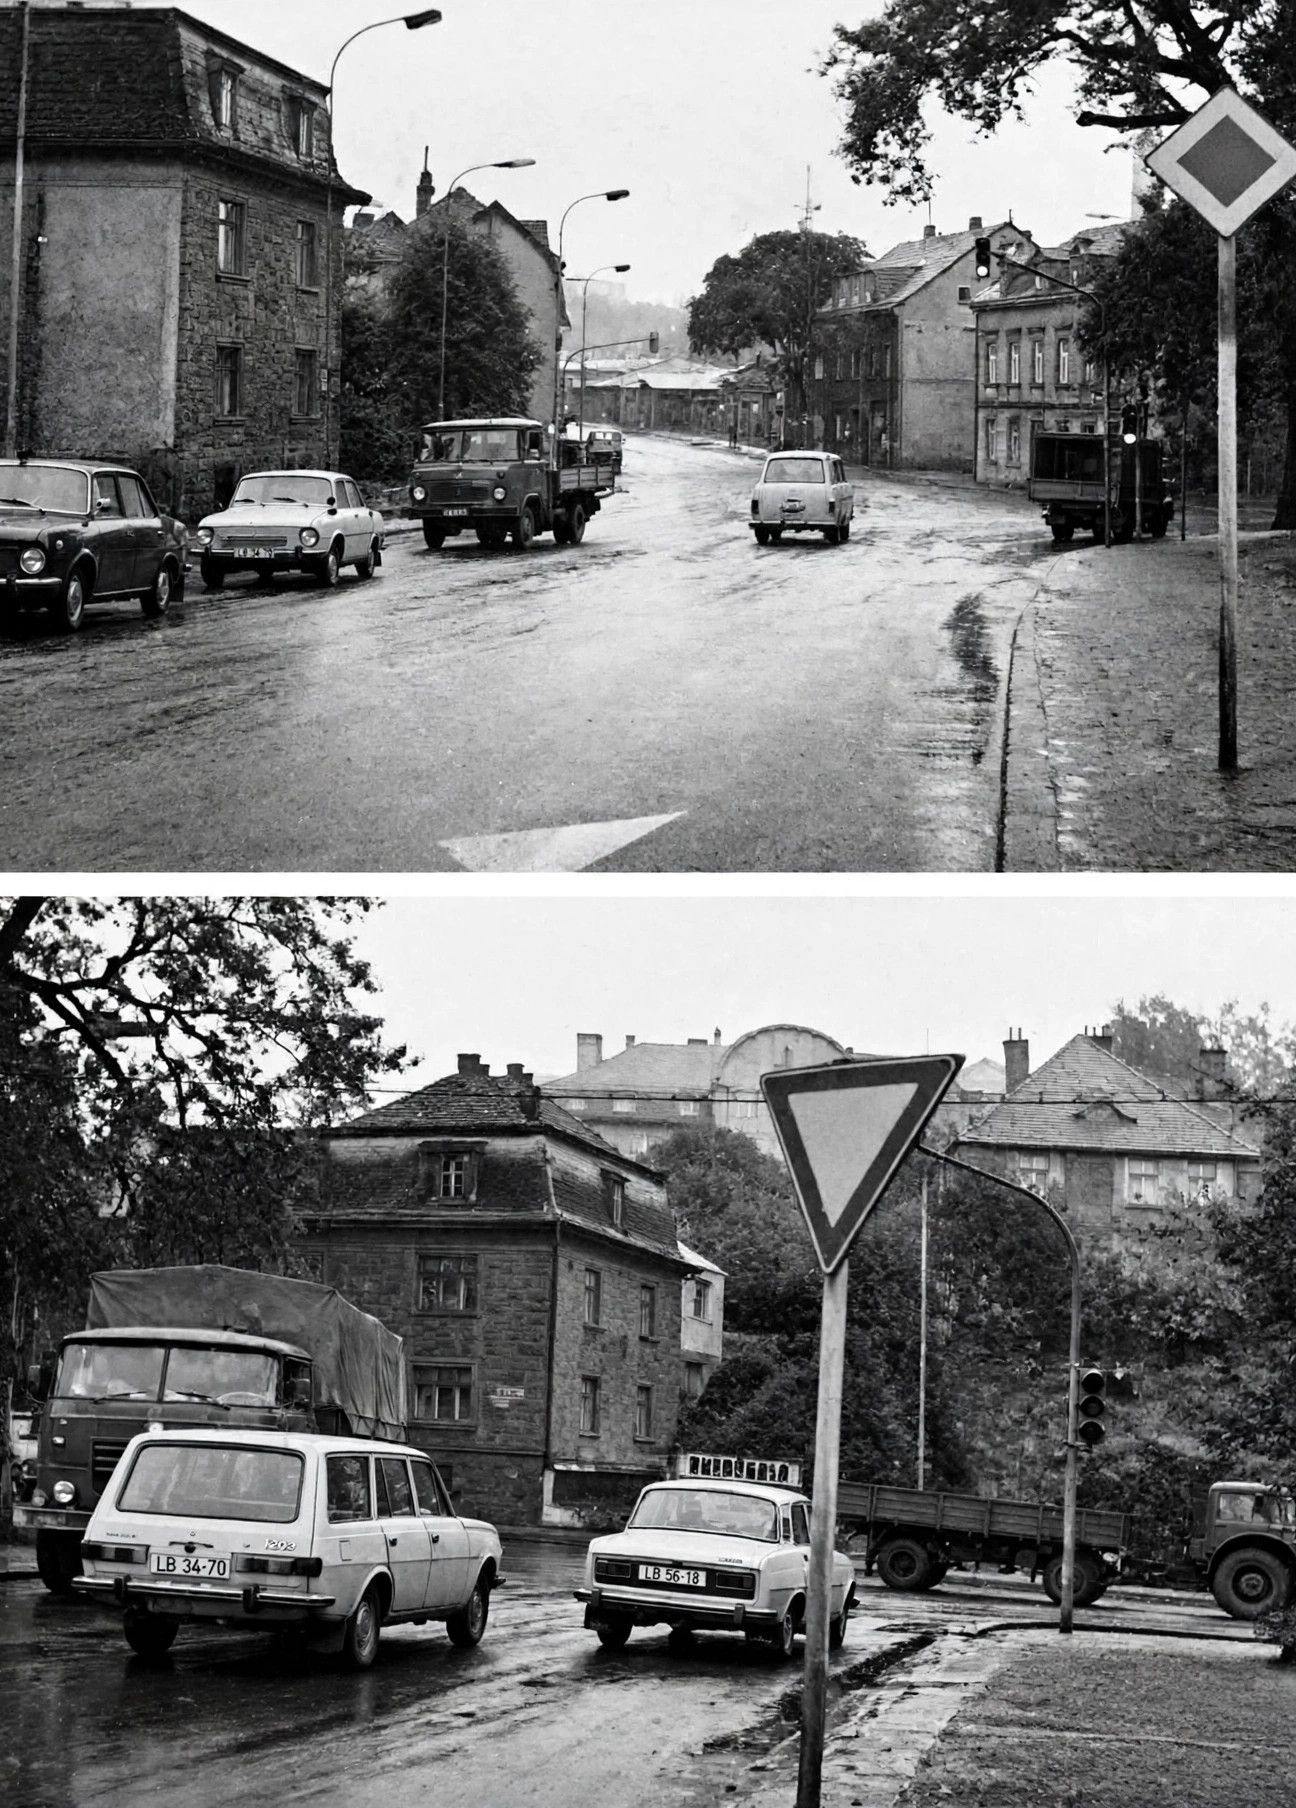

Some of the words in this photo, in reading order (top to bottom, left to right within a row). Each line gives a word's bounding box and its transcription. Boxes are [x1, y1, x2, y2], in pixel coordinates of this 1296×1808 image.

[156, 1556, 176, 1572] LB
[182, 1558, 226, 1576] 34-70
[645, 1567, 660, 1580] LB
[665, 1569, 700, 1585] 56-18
######
Here the records must be restated exactly, minus any images.

RESPONSE –
Some of the words in this photo, in reading order (top to bottom, left to right within a row). Each line gives a word's bounding box and its transcription. Boxes are [x1, y1, x2, y2], in pixel coordinates of this 1296×1808 image.

[156, 1556, 176, 1572] LB
[182, 1558, 226, 1576] 34-70
[645, 1567, 660, 1580] LB
[665, 1569, 700, 1585] 56-18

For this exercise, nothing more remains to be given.